Even before Donald Trump became president, a wave of racial incidents exploded on colleges campuses across the nation. Several universities launched countermeasures, including the creation of forums for White students and faculty to examine White racism.
Several schools, including the University of Vermont and the University of Oregon, held White identity retreats to address widespread race-based protests and rising tension on campuses. Students and faculty reportedly discussed White privilege, from personal and systemic levels.
According to NBC 2, in the latest example of what appears to be a trend, Florida Gulf Coast University will offer a course in the spring semester titled “White Racism.”

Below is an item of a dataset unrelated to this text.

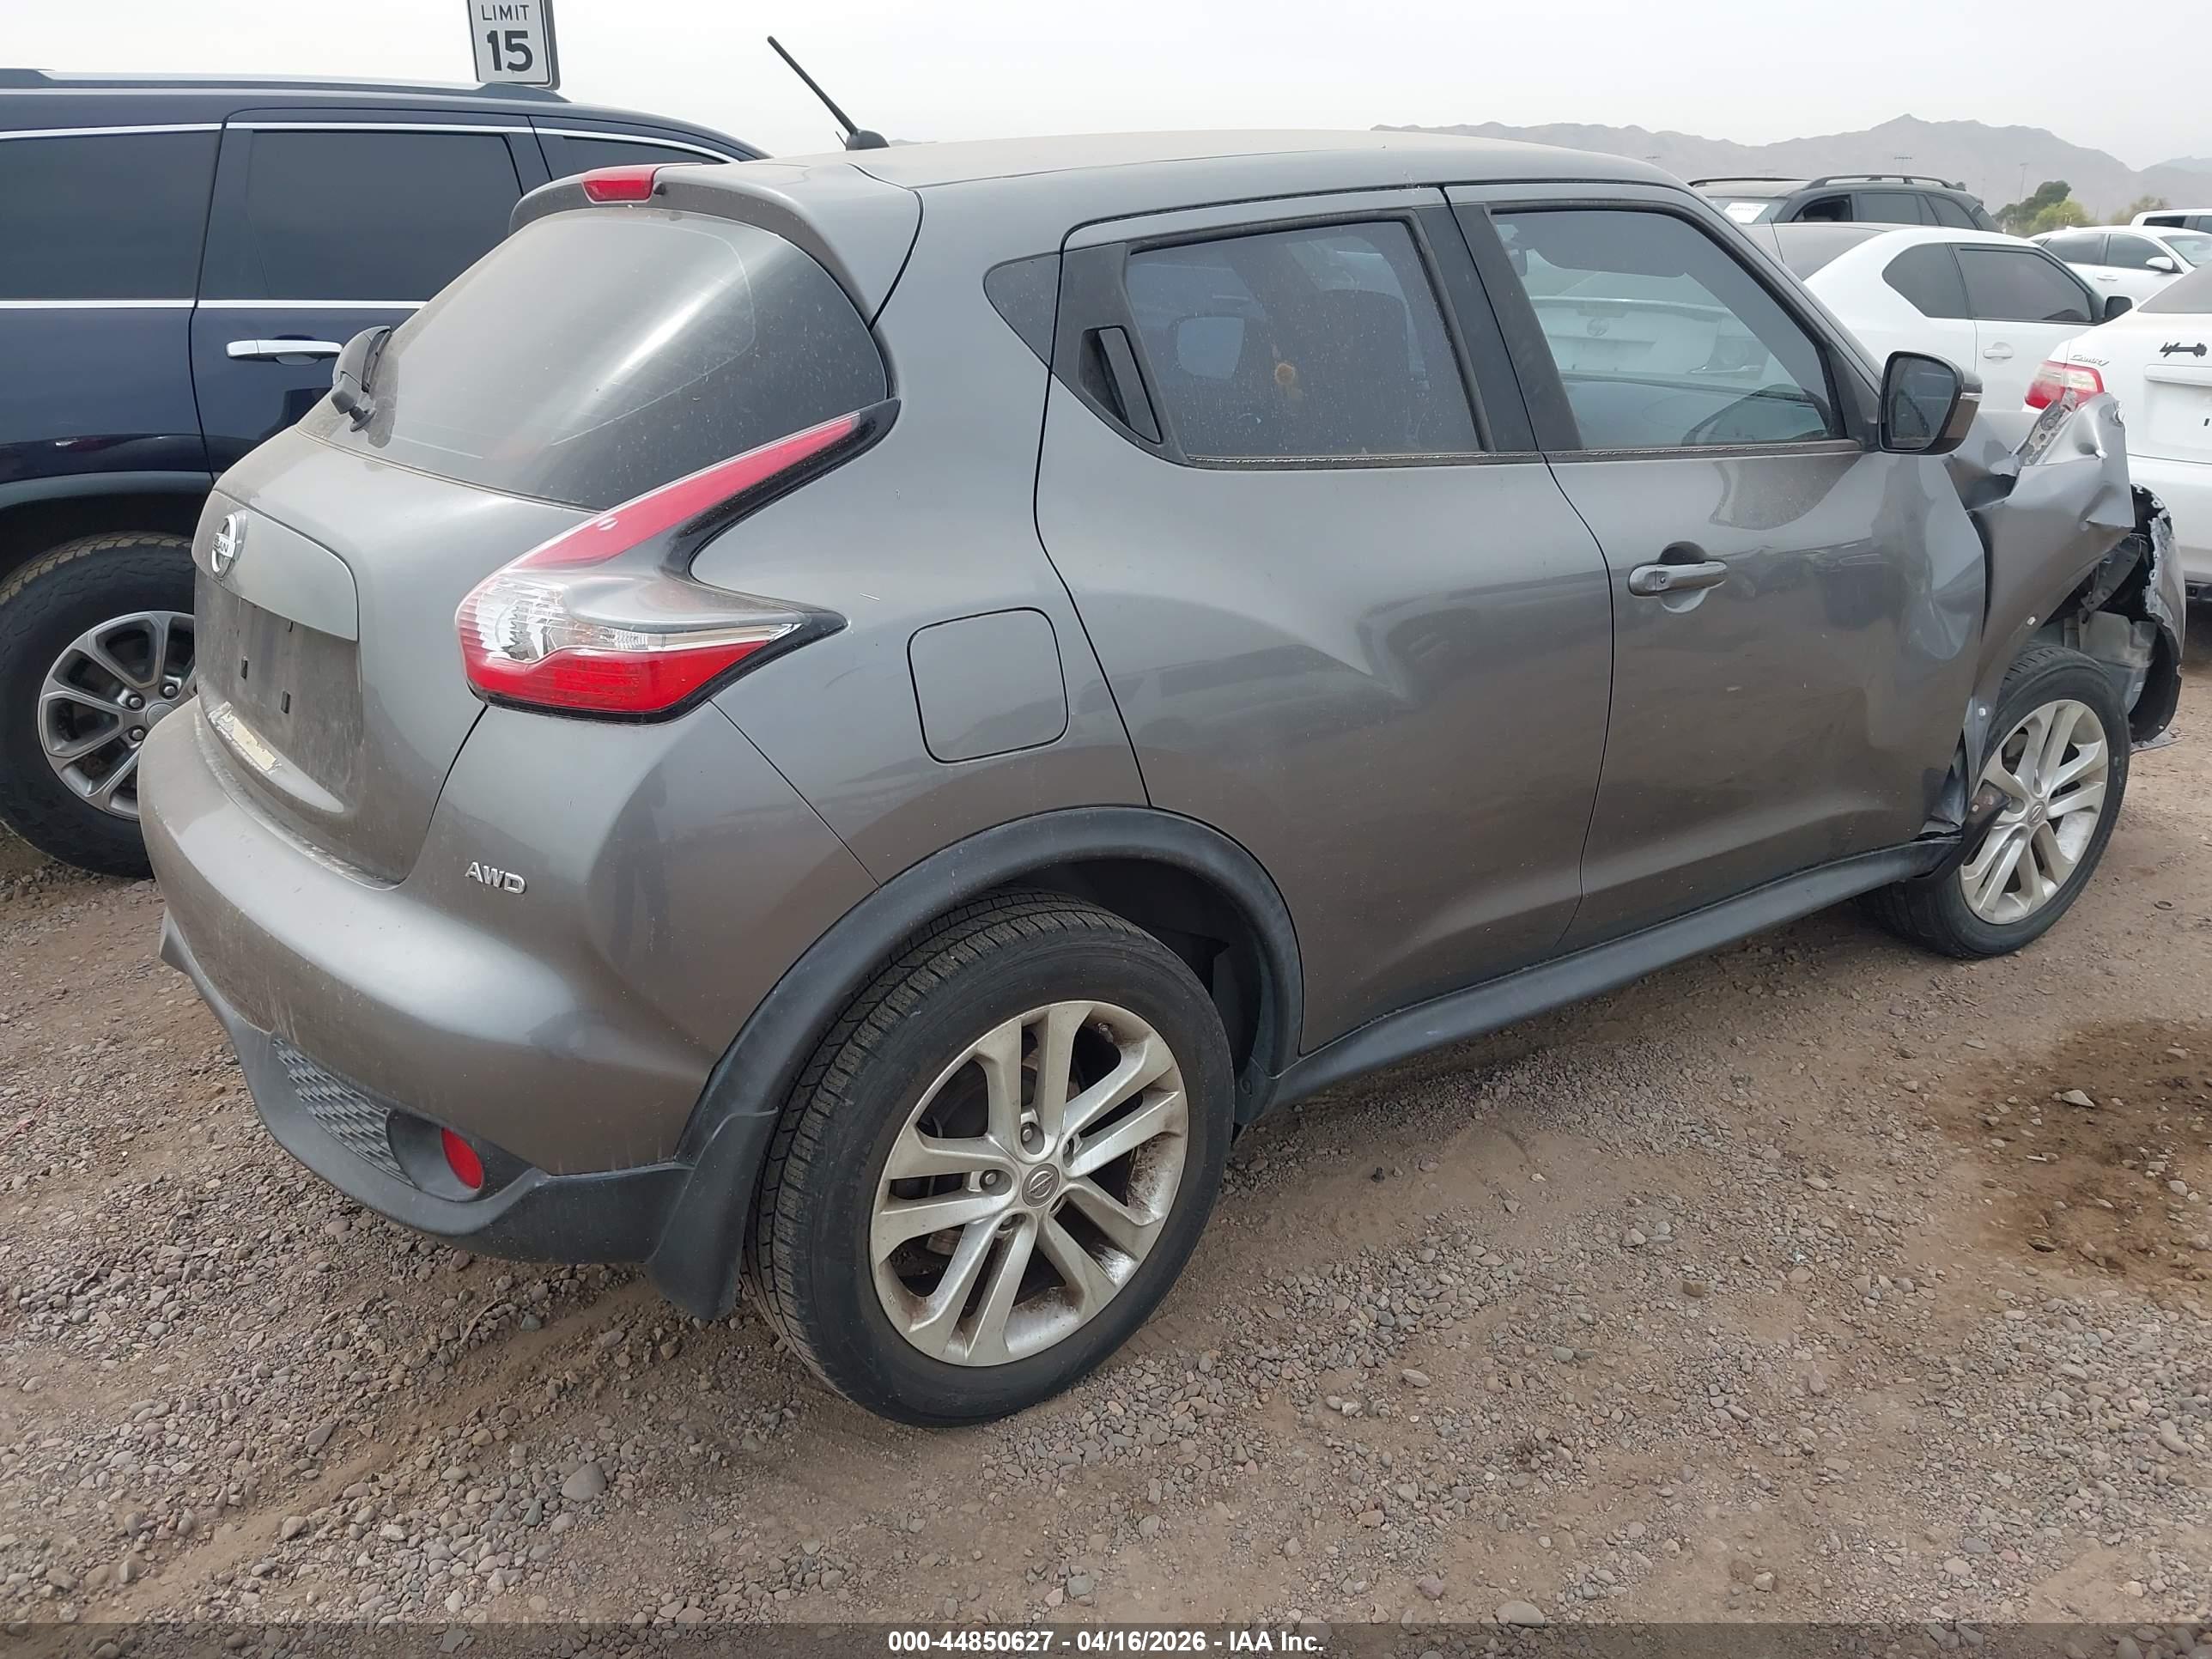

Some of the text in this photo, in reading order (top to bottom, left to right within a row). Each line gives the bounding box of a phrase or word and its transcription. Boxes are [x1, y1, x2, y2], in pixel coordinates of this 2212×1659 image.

[481, 4, 529, 21] LIMIT
[486, 30, 533, 72] 15
[465, 861, 526, 894] AWD

Here’s a brief description of the course, via the NBC News affiliate:
“In this course, we will interrogate the concept of race; examine the racist ideologies, laws, policies, and practices that have operated for hundreds of years to maintain White racial domination over those racialized as non-White.”
The course is more than a history of White dominance. The instructor, Dr. Ted Thornhill, plans also to discuss how to “dethrone White supremacy” to create “an anti-racist society.”
Meanwhile, at K-12 schools, similar types of conversations are happening among educators.
An African American third grade teacher at an Indiana elementary school received media attention last year when she facilitated “Courageous Conversations,” informal discussions on the thorny issue of unconscious racial bias with her mostly White colleagues.